POSIX in the crosshairs?

From: Steve Allen <sla_at_UCOLICK.ORG>
Date: Sun, 30 Oct 2005 07:22:06 -0800

This past week both Die Welt and Die Zeit ran articles on leap seconds.
In one Andreas Bauch of PTB has an unprecedented quote

Schlampig programmierte Software ist das Problem, nicht die Schaltsekunde

( translation
    Sloppily programmed software is the problem, not the leap second
although one reference offers "slutty" as an alternative to "sloppy".
Upon reflection, I'd probably be a lot richer if I wrote slutty software.)

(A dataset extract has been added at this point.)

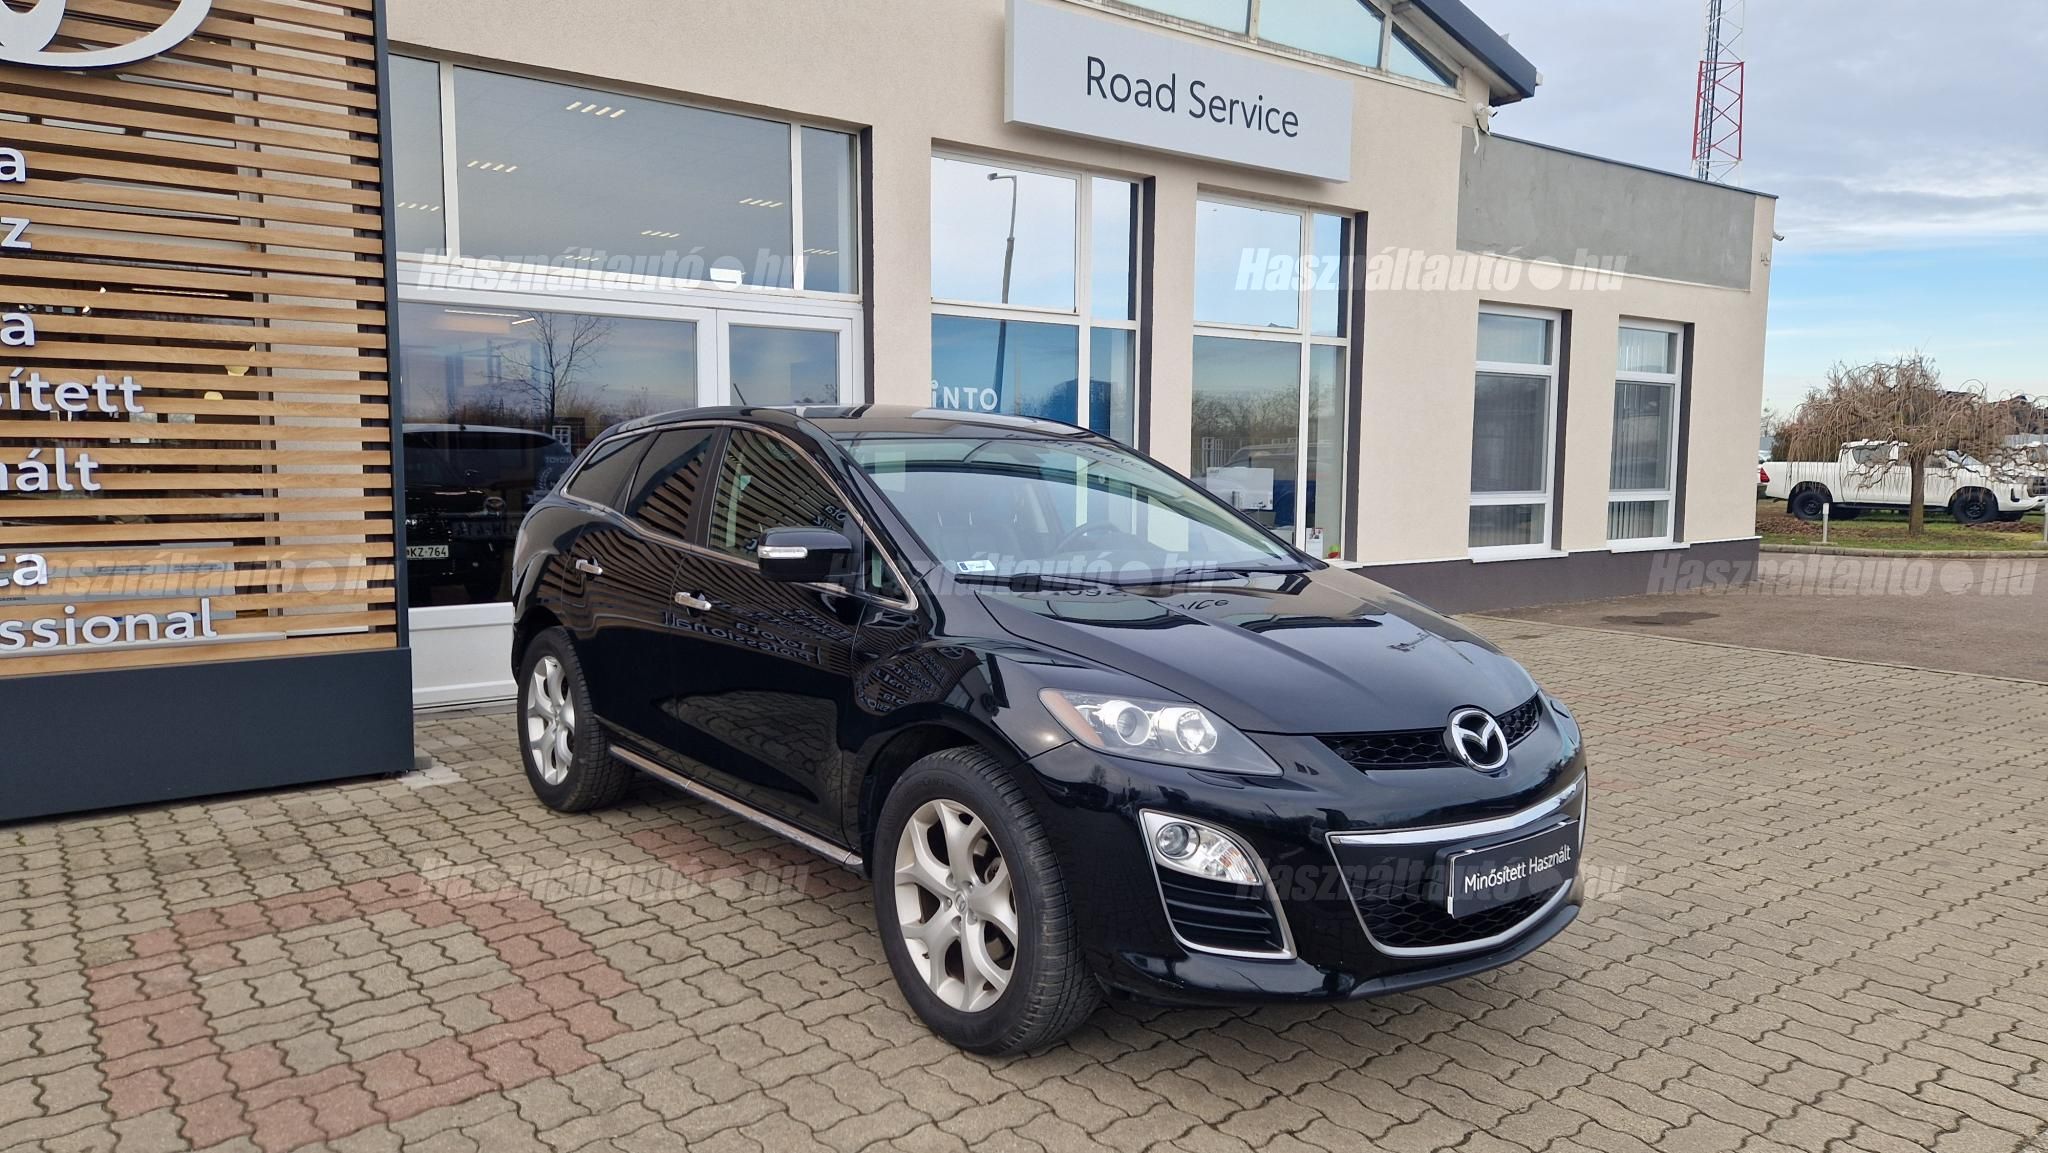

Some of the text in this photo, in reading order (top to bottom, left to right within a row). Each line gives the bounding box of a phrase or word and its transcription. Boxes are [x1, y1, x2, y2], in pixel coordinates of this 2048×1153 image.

Of course I have already said that the root of the problem lies not so
much with POSIX itself, but with the proprietary nature of ITU-R
TF.460 which so obscured what POSIX needed to do that it contained the
concept of "double leap seconds" for a decade before it was corrected.

Also, this morning at 06:28 PST when I looked at my CDMA cell phone it
was telling me that it was 07:28. It was not until I cycled the power
that it bothered to note that daylight time had ended.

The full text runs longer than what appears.